**How to complete this task:** Set down all of the data exactly as it appears.

**Data records:**

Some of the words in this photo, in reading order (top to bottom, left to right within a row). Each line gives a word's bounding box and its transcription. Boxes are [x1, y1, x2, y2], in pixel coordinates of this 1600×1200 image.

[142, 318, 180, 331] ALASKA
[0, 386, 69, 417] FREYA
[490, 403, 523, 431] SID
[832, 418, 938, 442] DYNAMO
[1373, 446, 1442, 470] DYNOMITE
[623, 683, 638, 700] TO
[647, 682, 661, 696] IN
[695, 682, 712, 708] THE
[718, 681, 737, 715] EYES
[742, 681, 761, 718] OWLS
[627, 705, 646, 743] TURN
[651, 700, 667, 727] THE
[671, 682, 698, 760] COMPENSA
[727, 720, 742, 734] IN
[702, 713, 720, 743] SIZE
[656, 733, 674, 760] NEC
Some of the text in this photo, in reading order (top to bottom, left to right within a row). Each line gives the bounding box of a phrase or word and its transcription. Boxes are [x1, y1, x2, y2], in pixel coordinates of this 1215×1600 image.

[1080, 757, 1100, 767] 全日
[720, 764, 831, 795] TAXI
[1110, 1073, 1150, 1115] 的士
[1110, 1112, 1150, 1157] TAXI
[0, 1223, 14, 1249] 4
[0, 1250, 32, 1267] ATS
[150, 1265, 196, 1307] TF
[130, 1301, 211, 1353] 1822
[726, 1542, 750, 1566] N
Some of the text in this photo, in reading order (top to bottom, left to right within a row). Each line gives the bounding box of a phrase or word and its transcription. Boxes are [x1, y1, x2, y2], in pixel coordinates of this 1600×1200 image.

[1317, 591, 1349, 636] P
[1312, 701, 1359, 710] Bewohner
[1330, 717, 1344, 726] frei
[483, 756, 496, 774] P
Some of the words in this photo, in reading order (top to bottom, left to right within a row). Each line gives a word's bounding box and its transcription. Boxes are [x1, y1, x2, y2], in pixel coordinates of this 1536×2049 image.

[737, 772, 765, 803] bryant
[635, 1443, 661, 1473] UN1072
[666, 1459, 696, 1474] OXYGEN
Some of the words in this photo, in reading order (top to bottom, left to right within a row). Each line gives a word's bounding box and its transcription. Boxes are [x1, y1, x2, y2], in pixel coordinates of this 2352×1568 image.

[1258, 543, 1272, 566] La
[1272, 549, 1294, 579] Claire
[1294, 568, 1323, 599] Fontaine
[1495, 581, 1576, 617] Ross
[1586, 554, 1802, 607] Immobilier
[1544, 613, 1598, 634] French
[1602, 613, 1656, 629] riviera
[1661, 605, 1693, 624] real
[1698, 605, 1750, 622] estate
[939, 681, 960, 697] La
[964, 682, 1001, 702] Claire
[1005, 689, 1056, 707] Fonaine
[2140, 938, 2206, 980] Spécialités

**Answer to this problem:**
Some of the words in this photo, in reading order (top to bottom, left to right within a row). Each line gives a word's bounding box and its transcription. Boxes are [x1, y1, x2, y2], in pixel coordinates of this 1600×1200 image.

[142, 318, 180, 331] ALASKA
[0, 386, 69, 417] FREYA
[490, 403, 523, 431] SID
[832, 418, 938, 442] DYNAMO
[1373, 446, 1442, 470] DYNOMITE
[623, 683, 638, 700] TO
[647, 682, 661, 696] IN
[695, 682, 712, 708] THE
[718, 681, 737, 715] EYES
[742, 681, 761, 718] OWLS
[627, 705, 646, 743] TURN
[651, 700, 667, 727] THE
[671, 682, 698, 760] COMPENSA
[727, 720, 742, 734] IN
[702, 713, 720, 743] SIZE
[656, 733, 674, 760] NEC
Some of the text in this photo, in reading order (top to bottom, left to right within a row). Each line gives the bounding box of a phrase or word and its transcription. Boxes are [x1, y1, x2, y2], in pixel coordinates of this 1215×1600 image.

[1080, 757, 1100, 767] 全日
[720, 764, 831, 795] TAXI
[1110, 1073, 1150, 1115] 的士
[1110, 1112, 1150, 1157] TAXI
[0, 1223, 14, 1249] 4
[0, 1250, 32, 1267] ATS
[150, 1265, 196, 1307] TF
[130, 1301, 211, 1353] 1822
[726, 1542, 750, 1566] N
Some of the text in this photo, in reading order (top to bottom, left to right within a row). Each line gives the bounding box of a phrase or word and its transcription. Boxes are [x1, y1, x2, y2], in pixel coordinates of this 1600×1200 image.

[1317, 591, 1349, 636] P
[1312, 701, 1359, 710] Bewohner
[1330, 717, 1344, 726] frei
[483, 756, 496, 774] P
Some of the words in this photo, in reading order (top to bottom, left to right within a row). Each line gives a word's bounding box and its transcription. Boxes are [x1, y1, x2, y2], in pixel coordinates of this 1536×2049 image.

[737, 772, 765, 803] bryant
[635, 1443, 661, 1473] UN1072
[666, 1459, 696, 1474] OXYGEN
Some of the words in this photo, in reading order (top to bottom, left to right within a row). Each line gives a word's bounding box and its transcription. Boxes are [x1, y1, x2, y2], in pixel coordinates of this 2352×1568 image.

[1258, 543, 1272, 566] La
[1272, 549, 1294, 579] Claire
[1294, 568, 1323, 599] Fontaine
[1495, 581, 1576, 617] Ross
[1586, 554, 1802, 607] Immobilier
[1544, 613, 1598, 634] French
[1602, 613, 1656, 629] riviera
[1661, 605, 1693, 624] real
[1698, 605, 1750, 622] estate
[939, 681, 960, 697] La
[964, 682, 1001, 702] Claire
[1005, 689, 1056, 707] Fonaine
[2140, 938, 2206, 980] Spécialités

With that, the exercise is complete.